Time has been very weird since the pandemic started. Stuck in our houses, we’ve lost track of what day of the week it is. For some, the days have flown past, as we struggle to keep up with multiplying and overlapping responsibilities: working from home, caring for kids, and making an unaccustomed three meals a day. For others, the empty hours have stretched out to infinity. Sometimes, the same people have experienced both those feelings at different times. It’s early September, and yet I think a lot of us share the feeling that we’re still waiting for summer to start, because it has contained so few of the experiences that typically define it. To use a line from Dr. Who, life has felt very “wibbly-wobbly timey-wimey” lately.

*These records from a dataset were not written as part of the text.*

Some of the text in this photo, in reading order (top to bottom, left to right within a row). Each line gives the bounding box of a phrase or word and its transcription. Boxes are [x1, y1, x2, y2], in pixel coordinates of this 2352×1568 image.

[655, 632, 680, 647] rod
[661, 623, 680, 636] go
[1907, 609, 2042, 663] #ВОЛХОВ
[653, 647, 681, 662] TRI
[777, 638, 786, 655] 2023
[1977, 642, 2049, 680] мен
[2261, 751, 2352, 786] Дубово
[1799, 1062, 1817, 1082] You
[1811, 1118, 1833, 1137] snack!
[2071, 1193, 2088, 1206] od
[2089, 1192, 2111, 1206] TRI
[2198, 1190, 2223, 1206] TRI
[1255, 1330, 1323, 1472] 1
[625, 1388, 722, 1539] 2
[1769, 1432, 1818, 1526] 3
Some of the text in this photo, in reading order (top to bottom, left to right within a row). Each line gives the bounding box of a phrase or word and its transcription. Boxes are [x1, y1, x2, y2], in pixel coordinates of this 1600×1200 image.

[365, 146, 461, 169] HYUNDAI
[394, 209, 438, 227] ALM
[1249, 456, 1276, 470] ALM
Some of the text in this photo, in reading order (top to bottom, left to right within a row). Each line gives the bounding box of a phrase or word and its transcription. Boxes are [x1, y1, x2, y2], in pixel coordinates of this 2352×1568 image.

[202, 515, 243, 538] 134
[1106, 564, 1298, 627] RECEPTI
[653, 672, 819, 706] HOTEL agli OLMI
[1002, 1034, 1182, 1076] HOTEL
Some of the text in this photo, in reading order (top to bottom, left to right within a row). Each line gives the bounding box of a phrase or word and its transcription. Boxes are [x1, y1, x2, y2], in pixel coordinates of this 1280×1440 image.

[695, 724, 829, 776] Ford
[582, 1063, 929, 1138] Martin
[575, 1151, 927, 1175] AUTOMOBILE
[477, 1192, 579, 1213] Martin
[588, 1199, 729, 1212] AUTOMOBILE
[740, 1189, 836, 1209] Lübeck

That sensation was only underscored when I read this week’s readings. We have been reading through Genesis and Exodus in the Old Testament slot, and Romans in the Epistle slot, for many weeks now. So it’s presumably just random chance that we ended up with these two passages on the same Sunday:
The Lord said to Moses and Aaron in the land of Egypt: This month shall mark for you the beginning of months. It shall be the first month of the year for you. Tell the whole congregation of Israel that on the tenth of this month they are to take a lamb for each family, a lamb for each household.
and
Besides this, you know what time it is, how it is now the moment for you to wake from sleep. For salvation is nearer to us now than when we became believers; the night is far gone, the day is near. Let us then lay aside the works of darkness and put on the armour of light …
Both of these passages specifically invoke the concept of time (marking months, days, and years; knowing what time it is; awaiting the coming dawn) and both of these passages are also powerfully associated with particular times in the church calendar.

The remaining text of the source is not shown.